Props: 1 “whip”, 1 jug, Monopoly money, toy frogs, “Next Day” sign, plastic bugs, necklace, fake food

EGYPTIAN: Now, after you're done building my summer house, I need my barley field harvested, and then you can scrub down the kitchen and dining room, we've got company coming. Got that? (cracks whip) Oh, and the holy sheep need to be fed, too.

JEW 1: Yes, Master.

EGYPTIAN: And make sure to have dinner ready by six, too, or else there will be extra pyramid duty tomorrow.

JEW 1: Of course.

EGYPTIAN: And your wife's near her due date, right? Remember, if it's a boy it needs to be thrown in the Nile. (leaves)

(JEW 1 works for a while.
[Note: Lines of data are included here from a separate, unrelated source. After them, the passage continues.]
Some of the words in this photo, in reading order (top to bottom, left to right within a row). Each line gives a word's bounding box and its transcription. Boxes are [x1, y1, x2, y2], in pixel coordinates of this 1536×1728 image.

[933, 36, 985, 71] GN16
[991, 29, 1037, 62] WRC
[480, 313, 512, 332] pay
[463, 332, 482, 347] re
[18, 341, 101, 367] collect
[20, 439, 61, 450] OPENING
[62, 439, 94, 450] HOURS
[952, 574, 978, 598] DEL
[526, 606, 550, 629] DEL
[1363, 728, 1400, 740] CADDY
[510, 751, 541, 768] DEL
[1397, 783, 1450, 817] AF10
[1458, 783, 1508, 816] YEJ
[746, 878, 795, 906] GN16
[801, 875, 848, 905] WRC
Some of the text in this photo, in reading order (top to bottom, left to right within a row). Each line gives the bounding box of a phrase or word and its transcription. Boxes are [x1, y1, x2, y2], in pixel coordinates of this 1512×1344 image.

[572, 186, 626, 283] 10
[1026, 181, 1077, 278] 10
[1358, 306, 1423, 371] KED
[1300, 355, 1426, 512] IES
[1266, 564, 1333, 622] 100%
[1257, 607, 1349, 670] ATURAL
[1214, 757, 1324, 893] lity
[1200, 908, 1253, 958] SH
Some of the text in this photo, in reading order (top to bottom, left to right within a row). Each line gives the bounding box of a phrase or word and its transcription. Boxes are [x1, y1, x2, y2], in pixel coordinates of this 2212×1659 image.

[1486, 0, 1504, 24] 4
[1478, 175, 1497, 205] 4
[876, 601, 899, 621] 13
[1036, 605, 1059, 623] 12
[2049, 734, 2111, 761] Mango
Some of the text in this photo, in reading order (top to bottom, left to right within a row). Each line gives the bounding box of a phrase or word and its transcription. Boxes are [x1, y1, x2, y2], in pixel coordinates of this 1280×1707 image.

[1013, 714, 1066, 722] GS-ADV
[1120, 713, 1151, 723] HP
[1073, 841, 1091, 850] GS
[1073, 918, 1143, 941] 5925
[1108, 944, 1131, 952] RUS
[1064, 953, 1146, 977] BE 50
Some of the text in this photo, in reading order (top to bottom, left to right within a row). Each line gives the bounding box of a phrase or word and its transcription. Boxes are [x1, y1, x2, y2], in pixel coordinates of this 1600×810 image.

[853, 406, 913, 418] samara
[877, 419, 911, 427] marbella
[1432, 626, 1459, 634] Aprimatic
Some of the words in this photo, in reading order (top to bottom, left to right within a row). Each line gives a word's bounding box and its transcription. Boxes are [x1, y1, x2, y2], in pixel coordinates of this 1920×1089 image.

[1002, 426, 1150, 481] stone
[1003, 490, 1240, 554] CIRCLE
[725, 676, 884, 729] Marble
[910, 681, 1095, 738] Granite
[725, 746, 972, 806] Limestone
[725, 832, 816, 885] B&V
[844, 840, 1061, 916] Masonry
JEW 2 then comes running over)

JEW 2: Yechezkel, did you hear?

JEW 1: Hear what?

JEW 2: The river! It's turned to blood!

JEW 1: Yuck. Oh, look, the Master's back. Quick, let's get back to work.

(They start working again, and JEW 1 takes a sip from his jug)

EGYPTIAN: What's that?

JEW 1: Water, Master. What does it look like?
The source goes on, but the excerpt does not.